**Assigned task**
All records below are to be repeated exactly, with the pictures left out.

Dataset entries:
☆ ☆ ☆ ☆

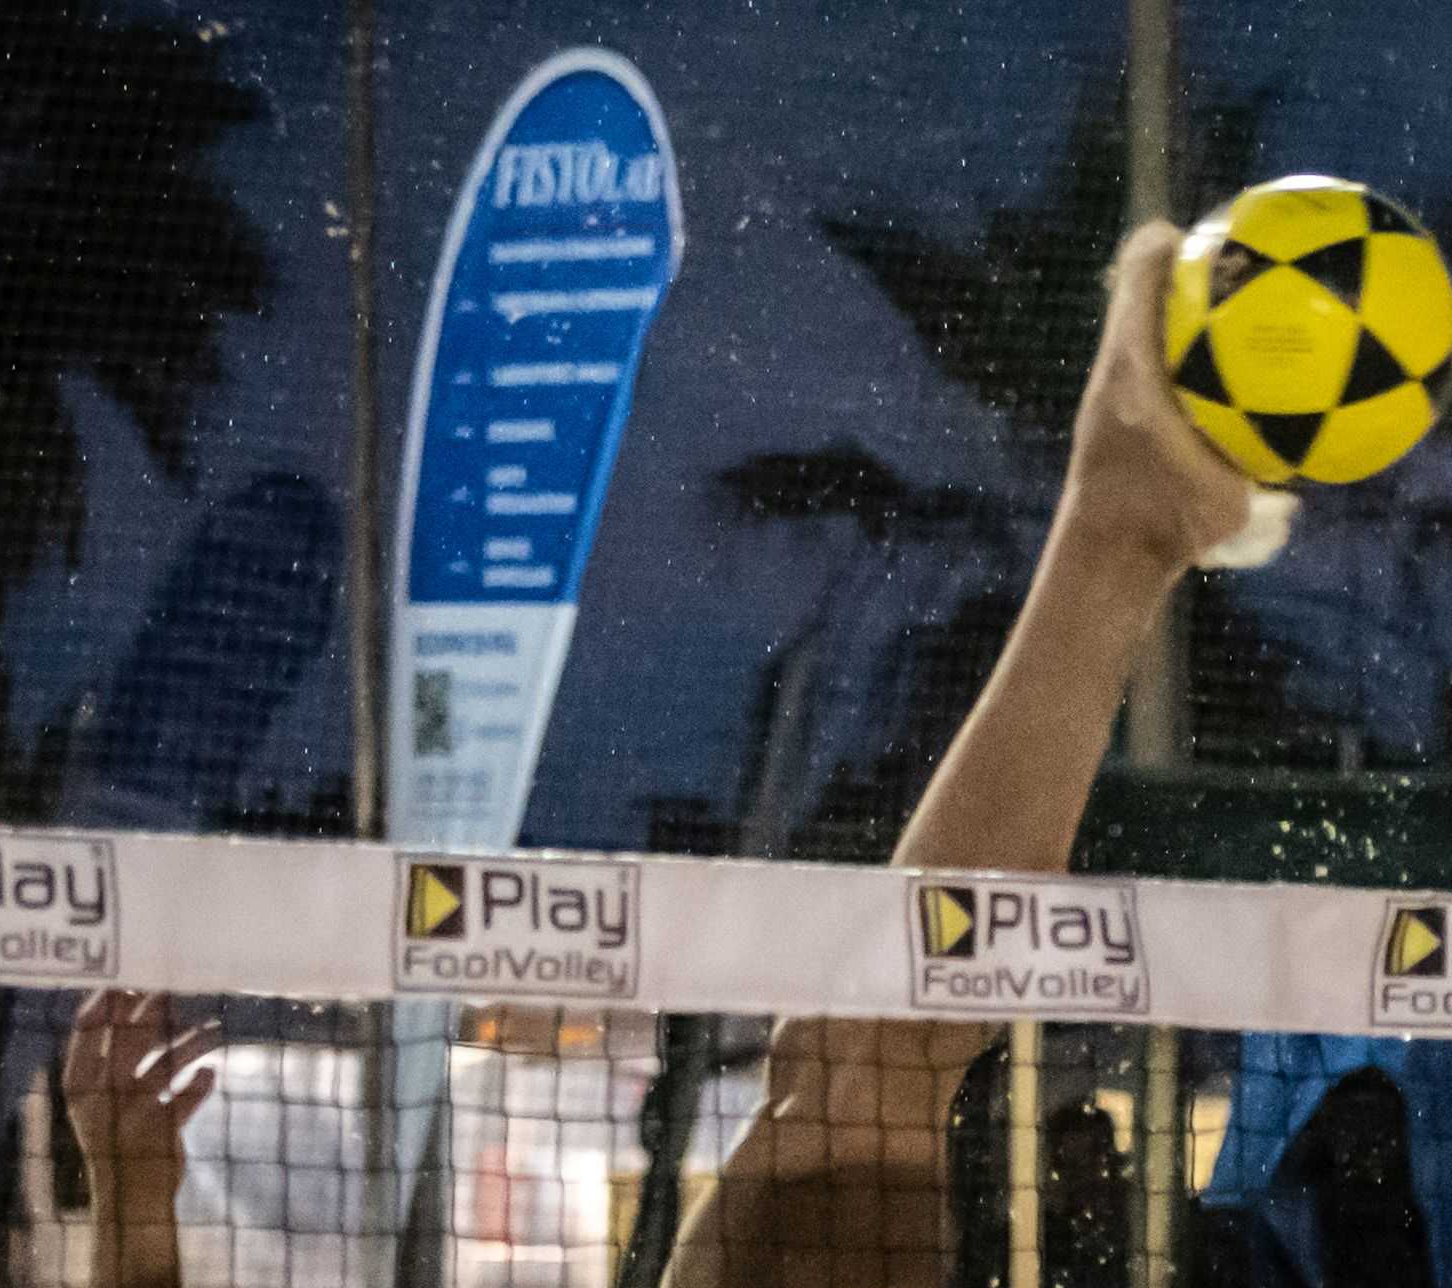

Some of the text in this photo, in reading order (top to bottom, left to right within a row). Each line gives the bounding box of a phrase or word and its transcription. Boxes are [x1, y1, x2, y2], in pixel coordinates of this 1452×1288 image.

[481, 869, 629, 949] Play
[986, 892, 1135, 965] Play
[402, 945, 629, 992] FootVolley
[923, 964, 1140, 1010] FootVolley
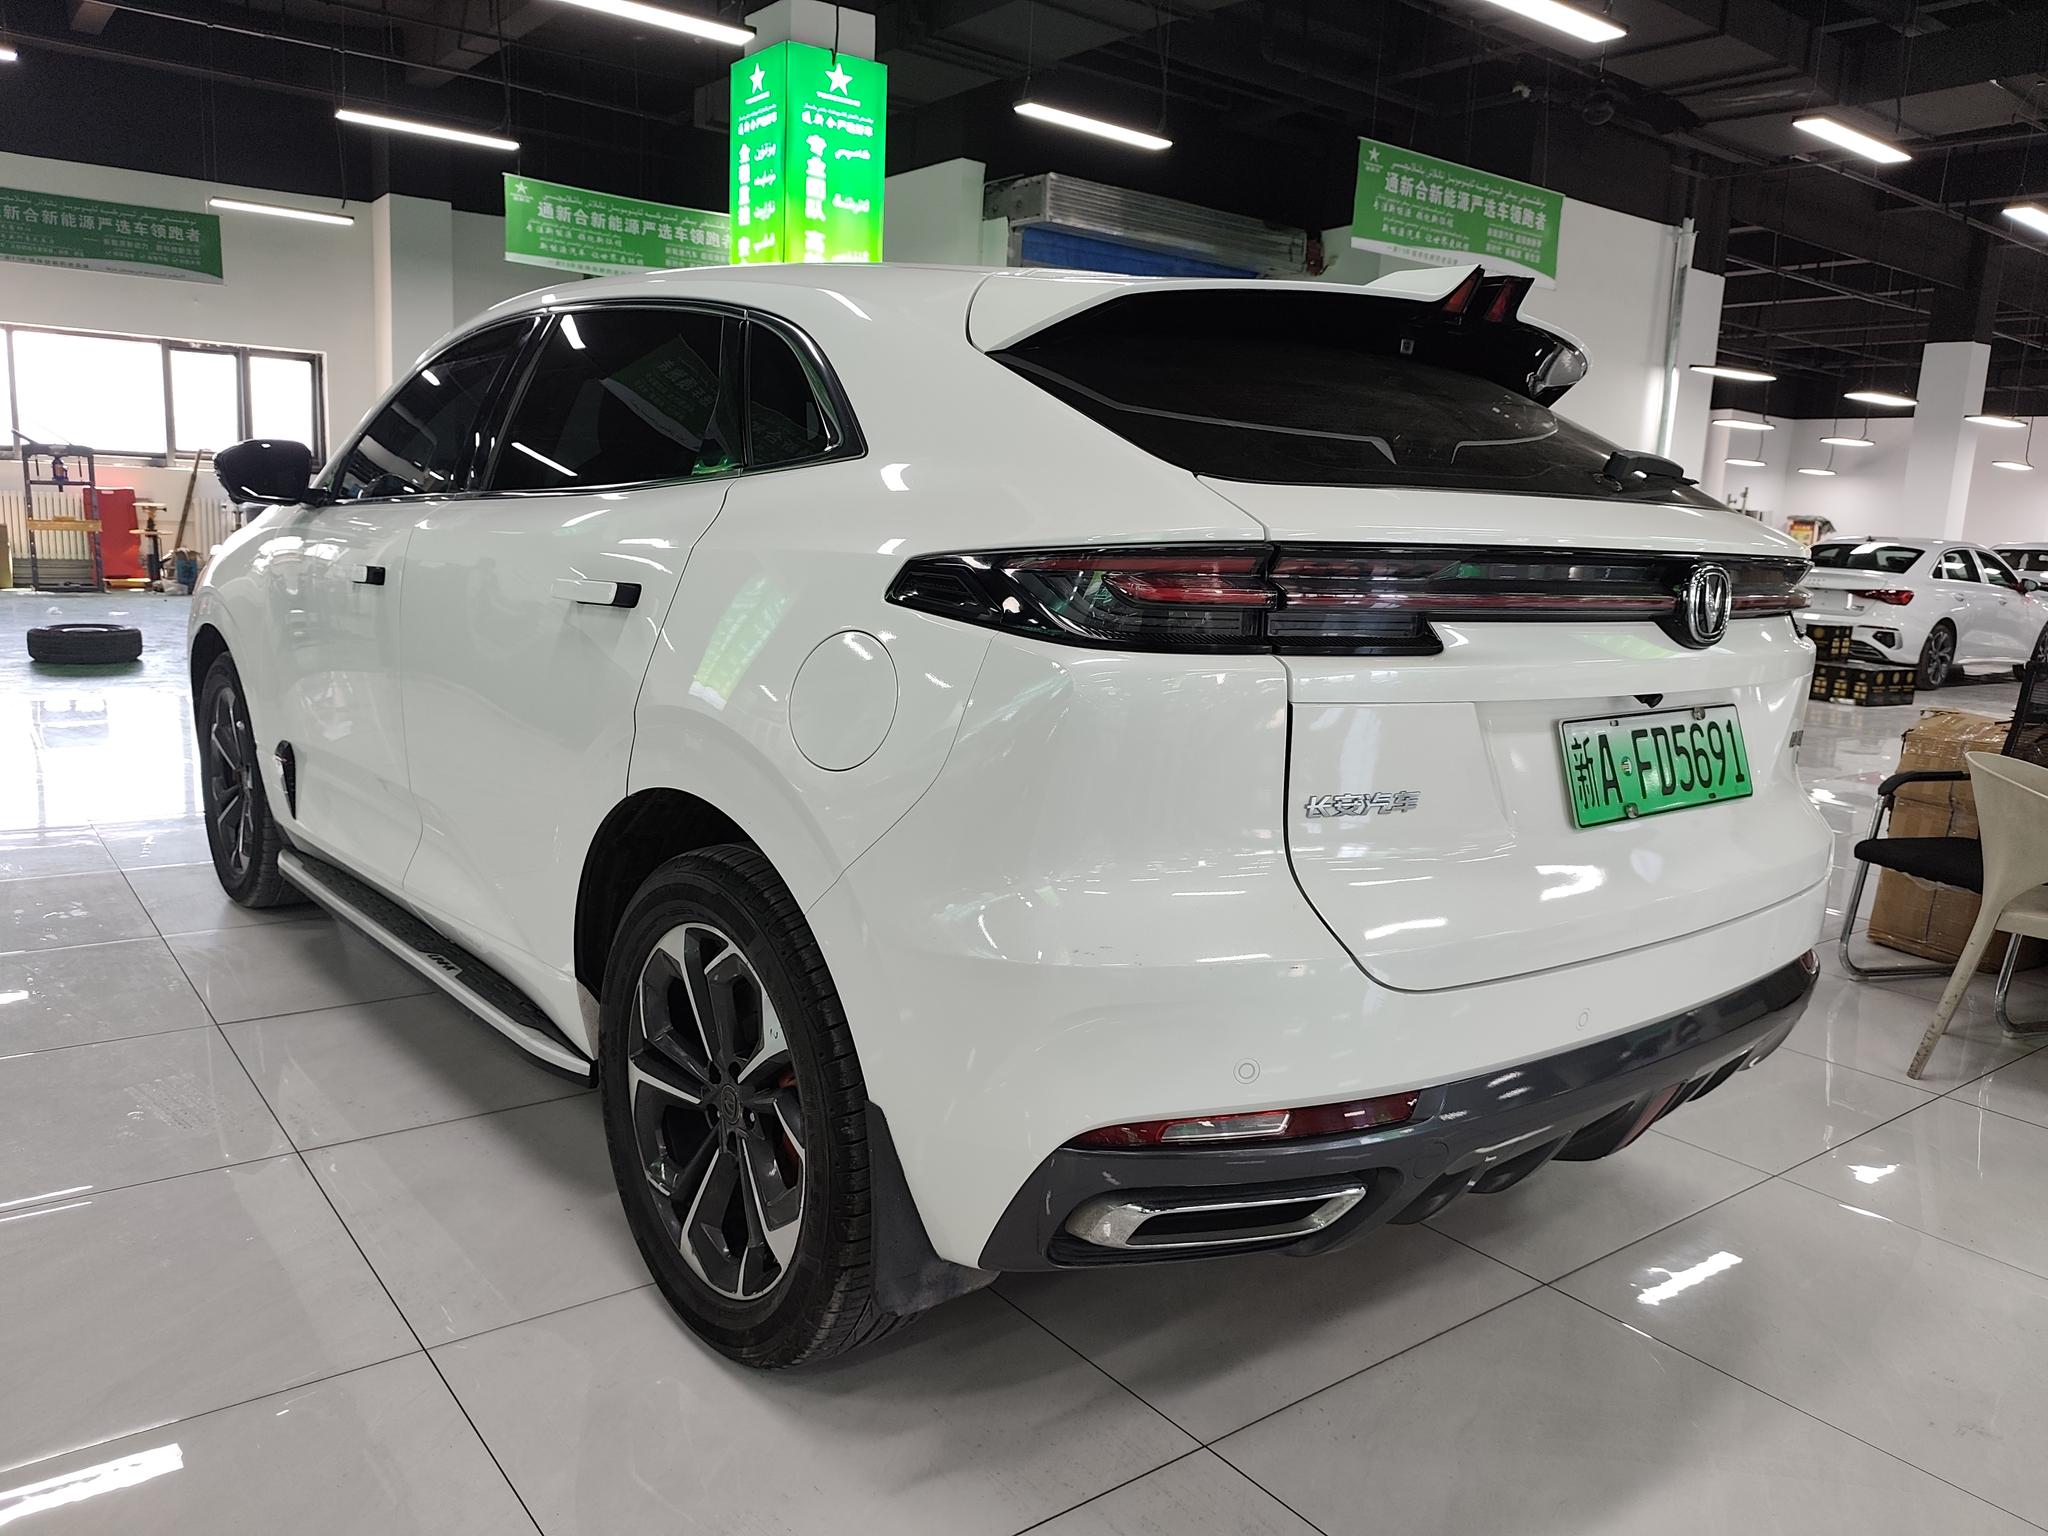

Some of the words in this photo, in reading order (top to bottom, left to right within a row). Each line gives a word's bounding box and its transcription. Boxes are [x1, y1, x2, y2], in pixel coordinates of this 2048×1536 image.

☆ ☆ ☆ ☆

**Result below**
Some of the text in this photo, in reading order (top to bottom, left to right within a row). Each line gives the bounding box of a phrase or word and its transcription. Boxes are [x1, y1, x2, y2], in pixel coordinates of this 1452×1288 image.

[481, 869, 629, 949] Play
[986, 892, 1135, 965] Play
[402, 945, 629, 992] FootVolley
[923, 964, 1140, 1010] FootVolley

Some of the words in this photo, in reading order (top to bottom, left to right within a row). Each line gives a word's bounding box and its transcription. Boxes are [x1, y1, x2, y2], in pixel coordinates of this 2048×1536 image.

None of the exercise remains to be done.